* TASK ITEM
Please give an exact printout of the records, without any pictures.

================

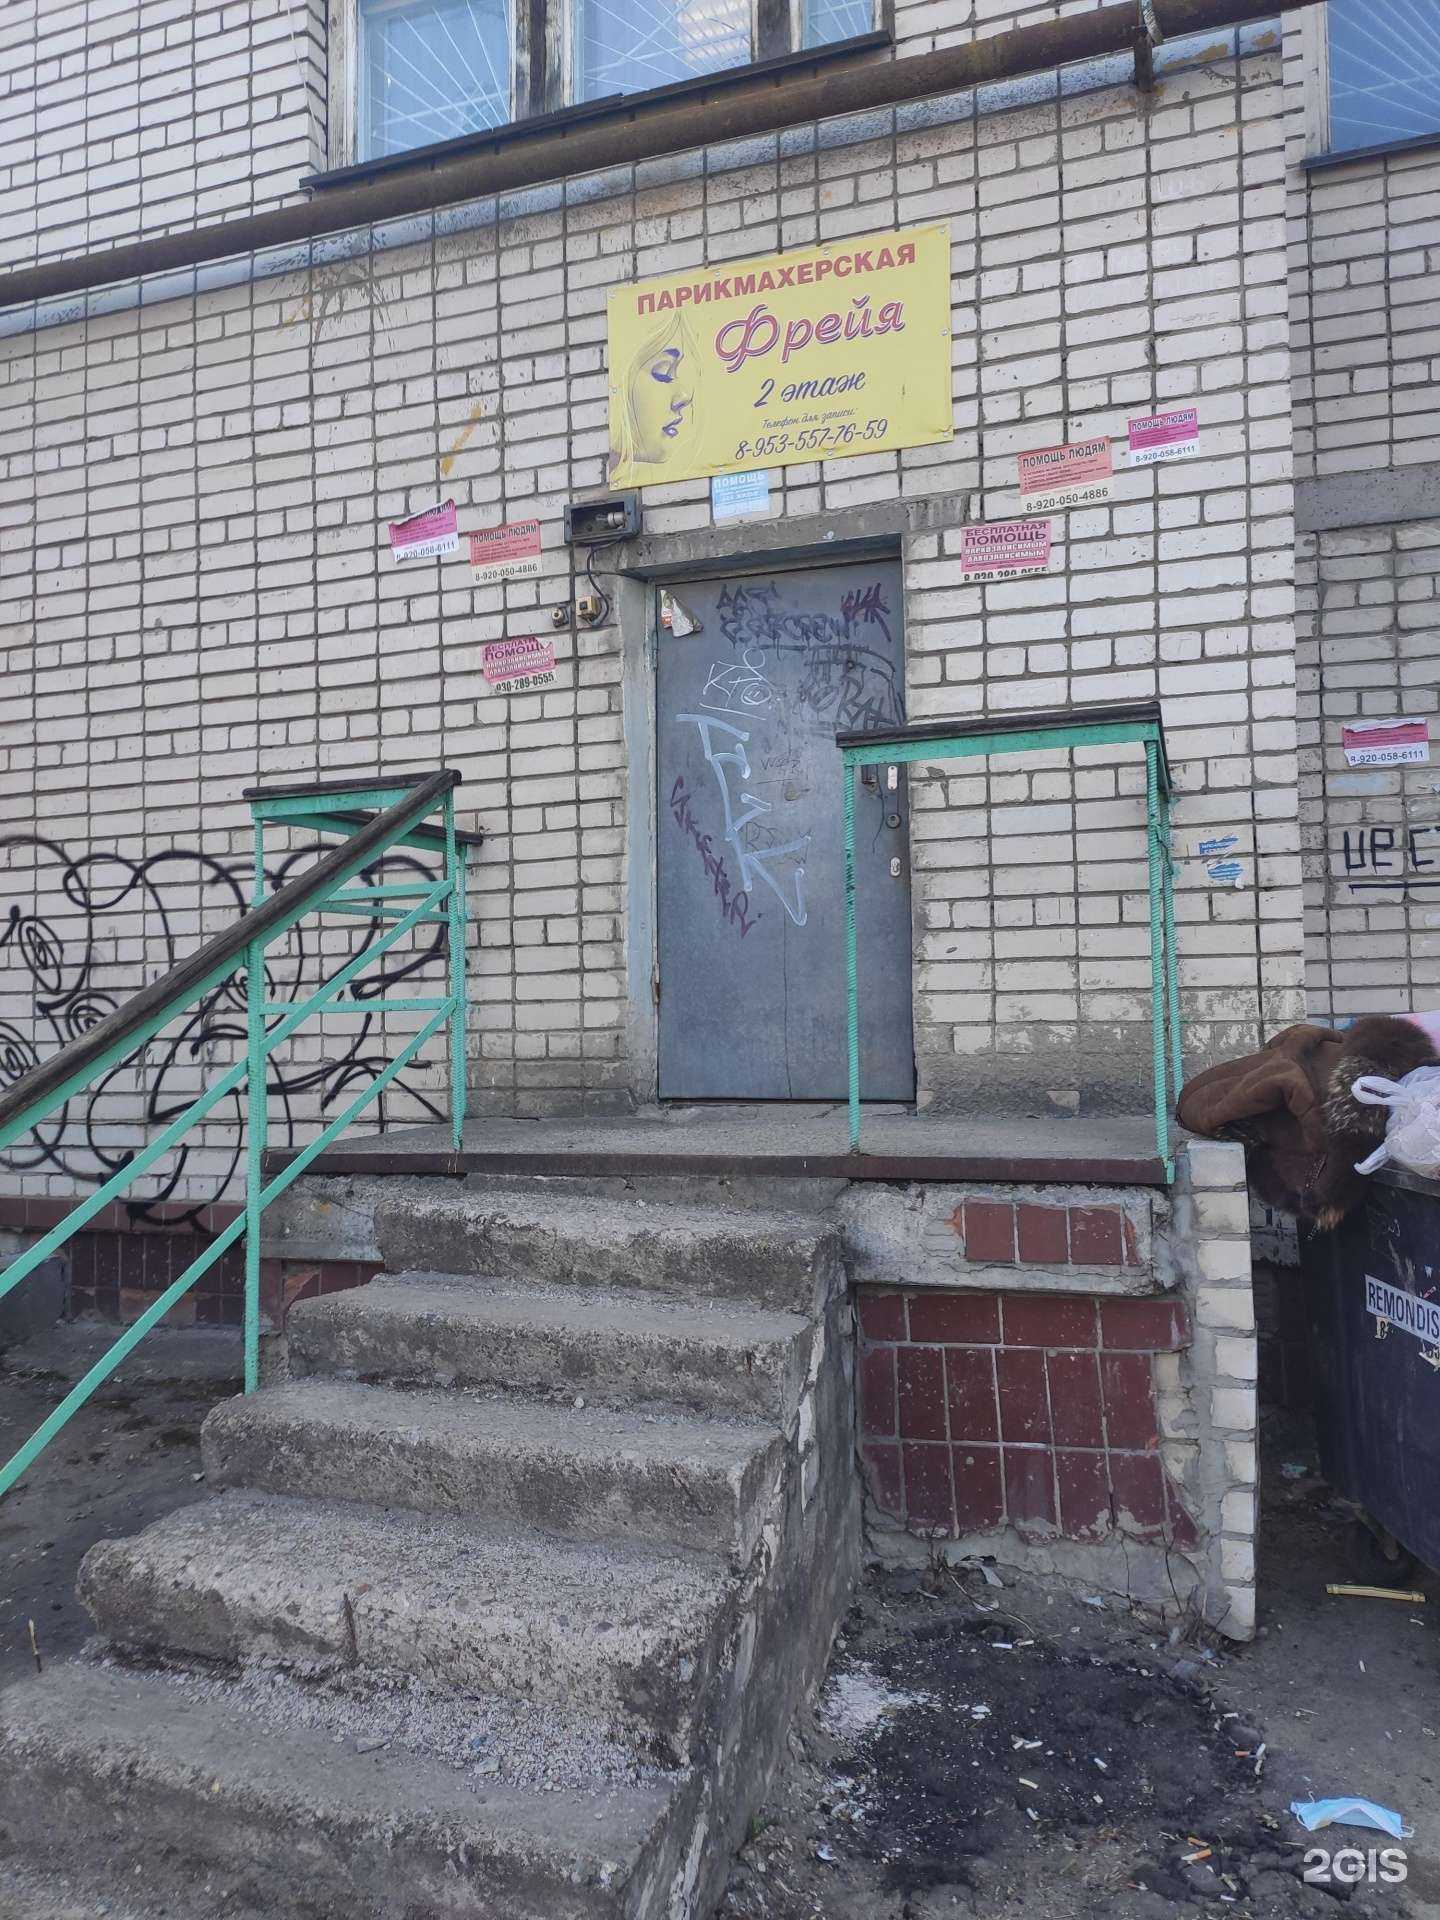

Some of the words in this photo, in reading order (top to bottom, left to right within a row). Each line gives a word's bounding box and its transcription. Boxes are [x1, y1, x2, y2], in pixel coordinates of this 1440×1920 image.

[637, 243, 916, 315] ПАРИКМАХЕРСКАЯ
[715, 295, 905, 373] Фрейя
[754, 378, 775, 408] 2
[781, 372, 866, 403] этаж
[762, 417, 800, 430] Телефон
[801, 412, 819, 424] для
[1133, 418, 1163, 431] ПОМОЩЬ
[1166, 412, 1194, 424] ЛЮДЯМ
[735, 419, 888, 460] 8-953-557-76-59
[1023, 451, 1066, 467] ПОМОЩЬ
[1068, 442, 1106, 459] ЛЮДЯМ
[1026, 487, 1108, 511] 8-920-050-4886
[473, 531, 506, 544] ПОМОЩЬ
[508, 524, 537, 537] ЛЮДЯМ
[965, 531, 1047, 547] ПОМОЩЬ
[966, 523, 1047, 537] БЕСПЛАТНАЯ
[1350, 750, 1424, 763] 8-920-058-6111
[1368, 1282, 1440, 1339] REMONDIS
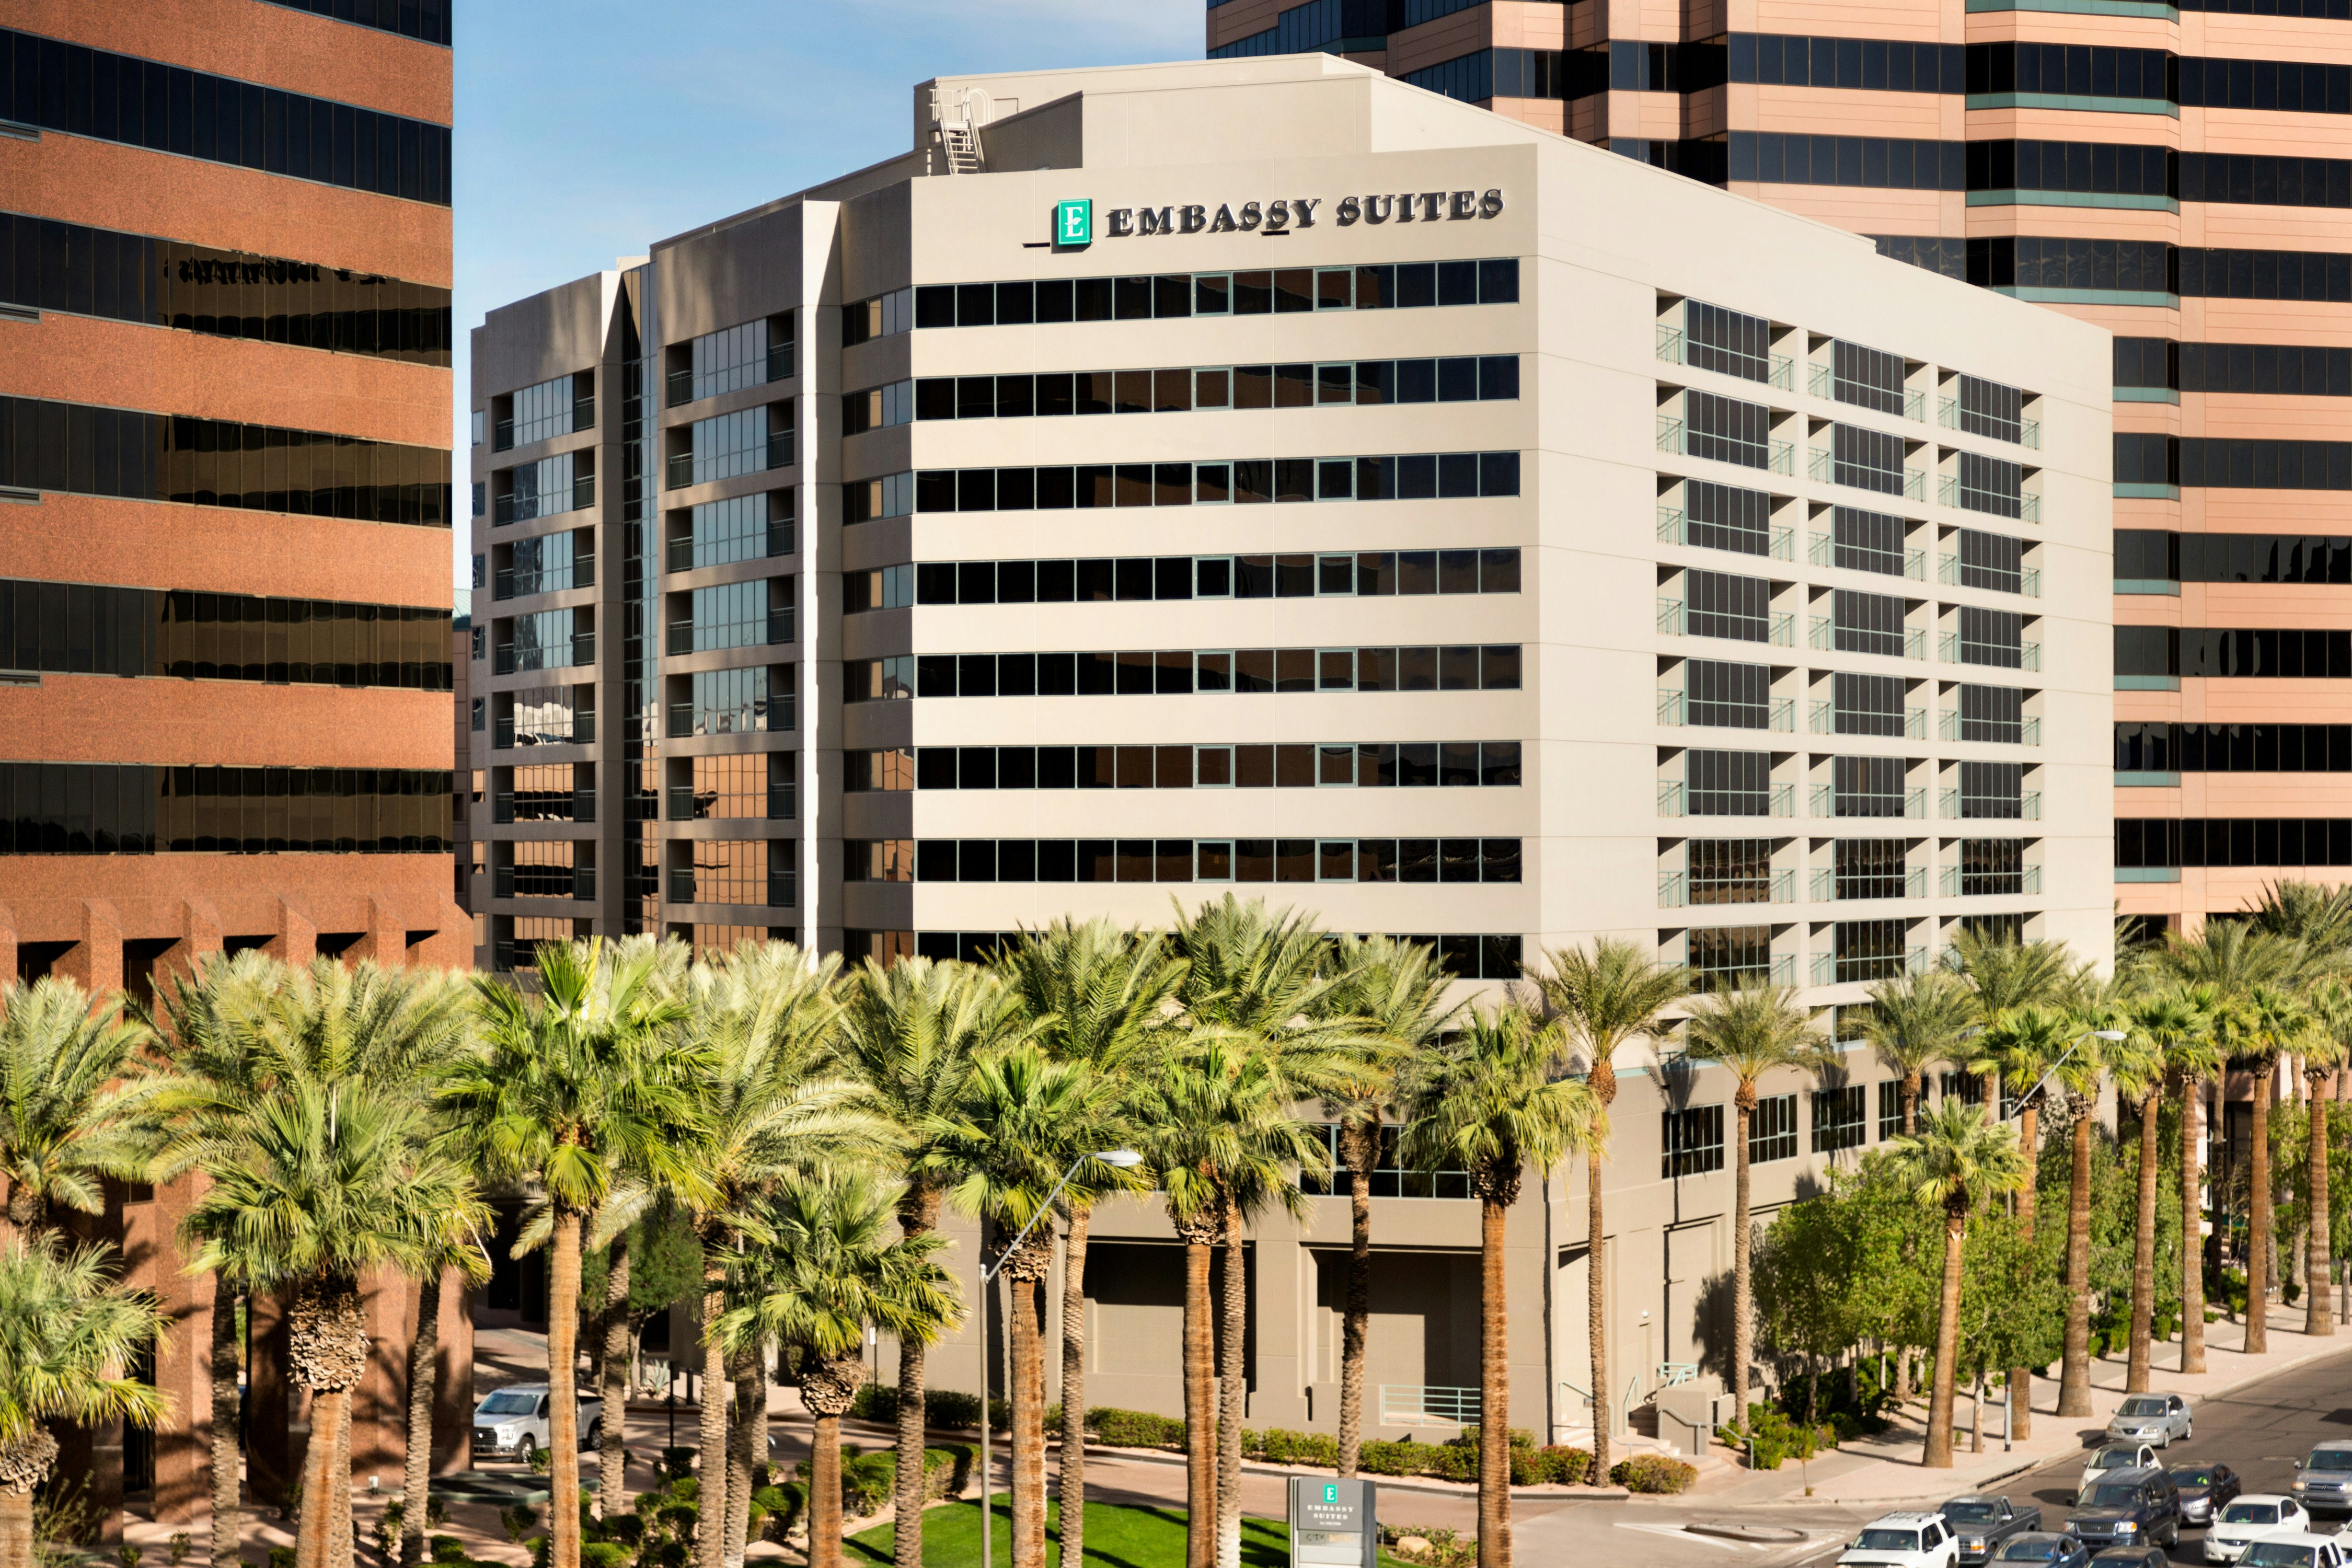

================

* WRITTEN ANSWER
Some of the words in this photo, in reading order (top to bottom, left to right within a row). Each line gives a word's bounding box and its transcription. Boxes are [x1, y1, x2, y2], in pixel coordinates of this 1440×1920 image.

[637, 243, 916, 315] ПАРИКМАХЕРСКАЯ
[715, 295, 905, 373] Фрейя
[754, 378, 775, 408] 2
[781, 372, 866, 403] этаж
[762, 417, 800, 430] Телефон
[801, 412, 819, 424] для
[1133, 418, 1163, 431] ПОМОЩЬ
[1166, 412, 1194, 424] ЛЮДЯМ
[735, 419, 888, 460] 8-953-557-76-59
[1023, 451, 1066, 467] ПОМОЩЬ
[1068, 442, 1106, 459] ЛЮДЯМ
[1026, 487, 1108, 511] 8-920-050-4886
[473, 531, 506, 544] ПОМОЩЬ
[508, 524, 537, 537] ЛЮДЯМ
[965, 531, 1047, 547] ПОМОЩЬ
[966, 523, 1047, 537] БЕСПЛАТНАЯ
[1350, 750, 1424, 763] 8-920-058-6111
[1368, 1282, 1440, 1339] REMONDIS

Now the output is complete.